AJR  The Beat
From AJR,   September 1997

At Home on the Web   

By Janelle Erlichman
     


When Leah Gentry began tinkering with her family's first computer in 1981, she had no idea how much of a head start she was getting on her career.

Gentry's new role as editorial director of new media for the Los Angeles Times ' online operation, latimes.com , will combine her passion for bits and bytes with the journalism experience of her pre-computer career days as a topic editor for the Orange County Register, and before that as features editor for the Gwinnett Daily News in suburban Atlanta.

In the nascent world of online journalism, Gentry, 37, is a veteran. She was the Register's online editor before she become Internet editor for the Chicago Tribune , where she helped develop the paper's online edition. She also had a brief stint working for the Internet search engine Excite, Inc. before joining the Times.

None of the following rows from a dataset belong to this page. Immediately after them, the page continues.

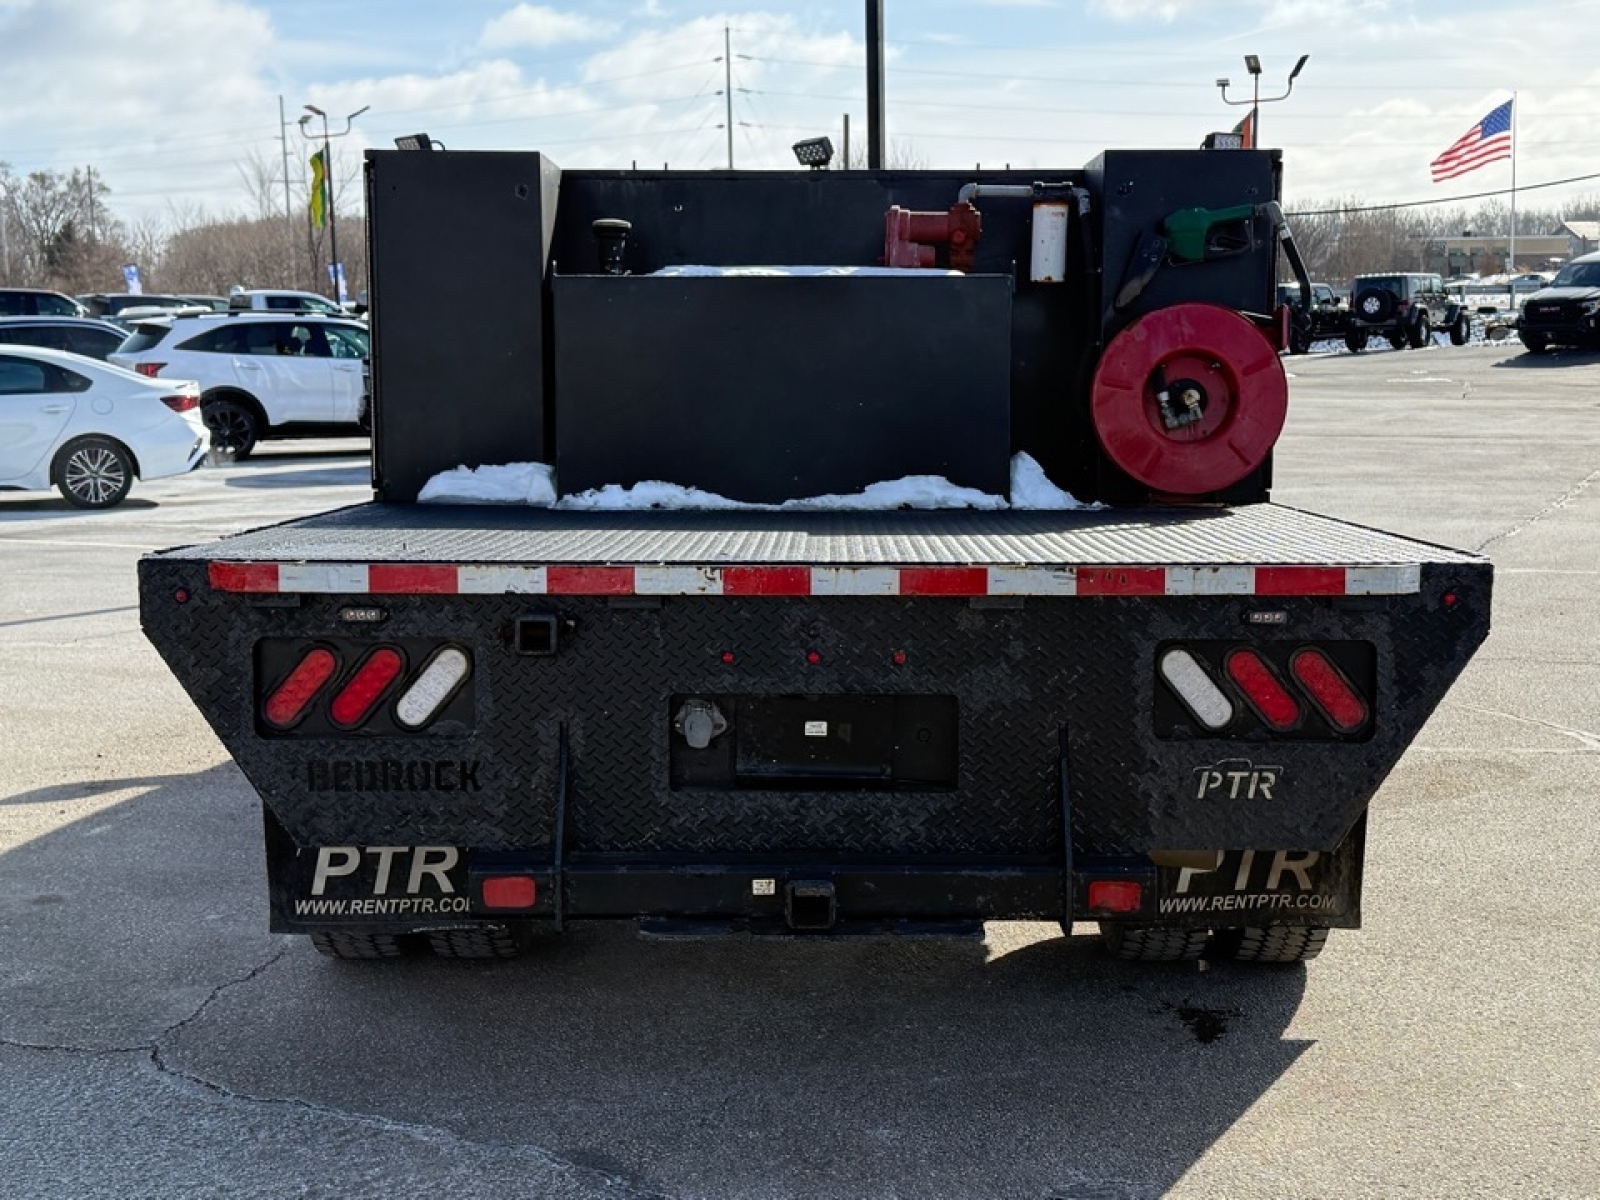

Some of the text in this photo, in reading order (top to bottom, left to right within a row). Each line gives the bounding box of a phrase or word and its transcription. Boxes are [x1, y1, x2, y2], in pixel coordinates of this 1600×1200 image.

[307, 760, 482, 792] BEDROCK
[1197, 771, 1277, 800] PTR
[311, 846, 459, 896] PTR
[295, 897, 470, 915] WWW.RENTPTR.CO
[1159, 895, 1336, 913] WWW.RENTPTR.COM

The transition from print to online came naturally to Gentry, and she is convinced it can and will come easily to other journalists as well. Nevertheless, she acknowledges that new media probably will never supplant the traditional media she grew up on. "Look at the evolution of information media," she says. "The radio didn't kill newspapers. Each [new medium] has stepped up to the plate and offered another way."

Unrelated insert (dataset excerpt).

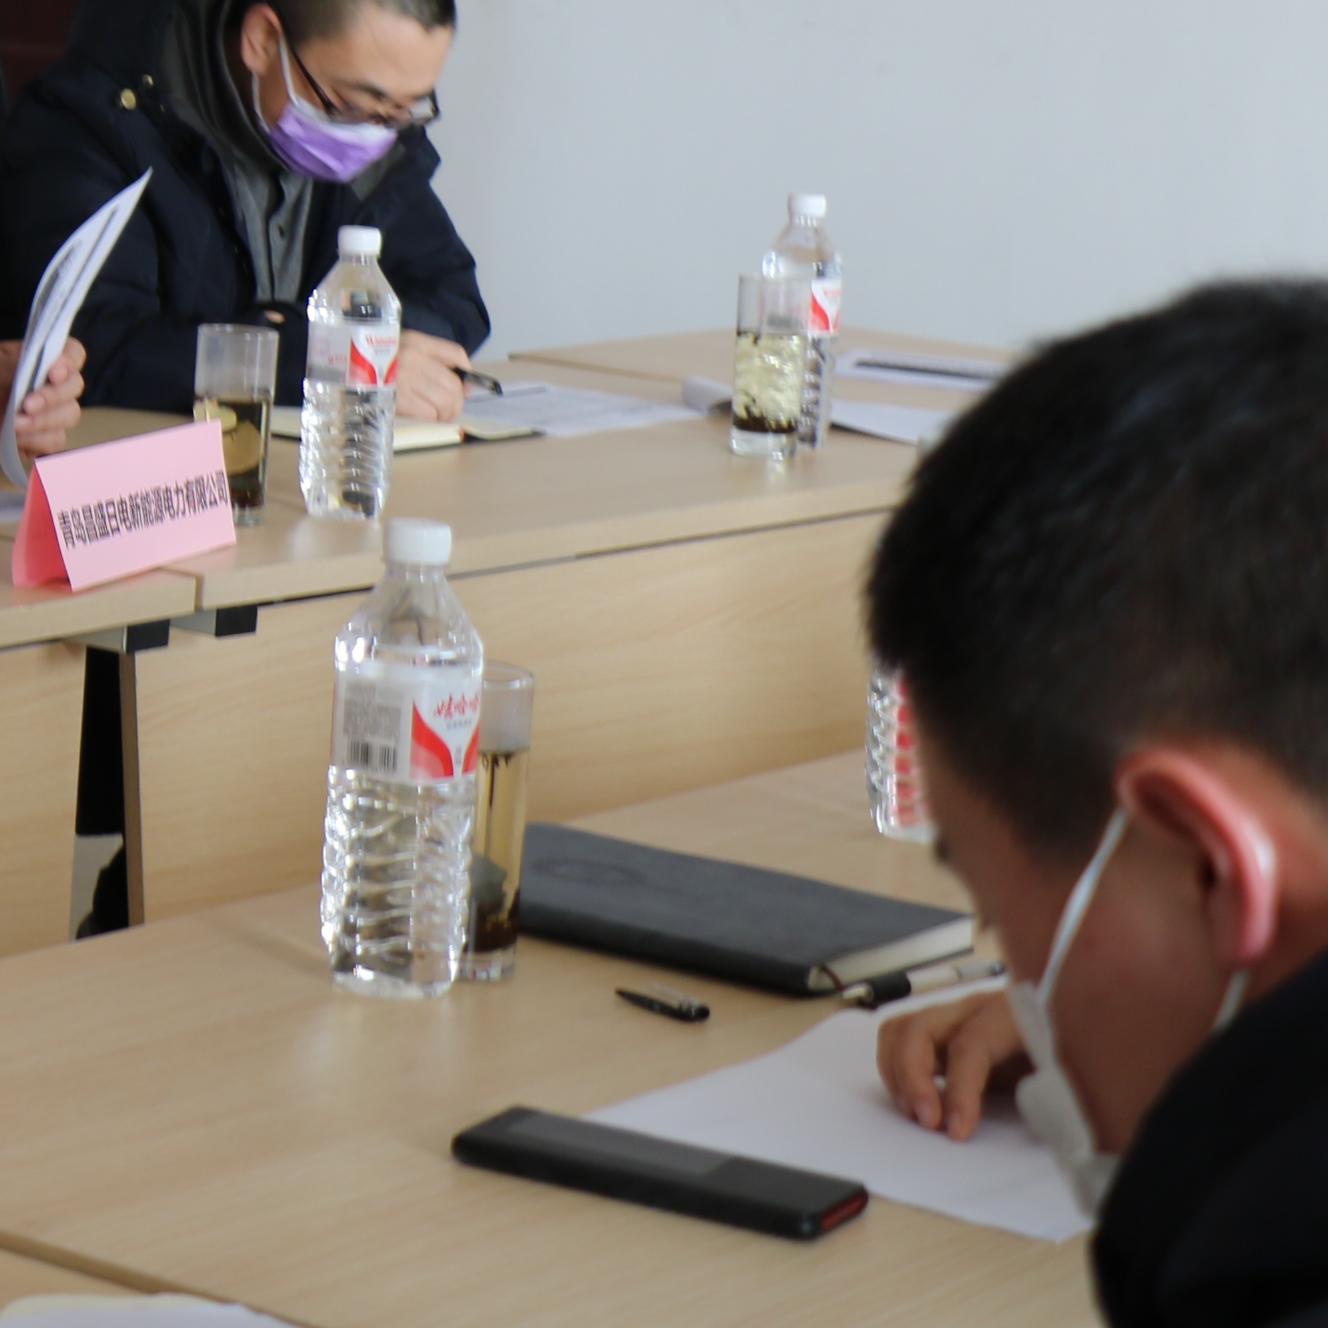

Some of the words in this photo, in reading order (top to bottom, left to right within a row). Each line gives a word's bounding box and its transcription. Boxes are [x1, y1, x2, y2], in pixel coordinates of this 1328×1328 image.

[57, 469, 230, 550] 青岛昌盛日电新能源电力有限公司

Finding the Times' way is a task that will have Gentry overseeing the uploading of about 2,500 news stories to latimes.com each day. The stories eventually are added to an archive that includes every Times story ever published since 1985.

Gentry's digital instincts seem to have paid off, to the point where she no longer feels like a lone settler on the new media frontier. "A lot of people," she says, "thought I was a nut."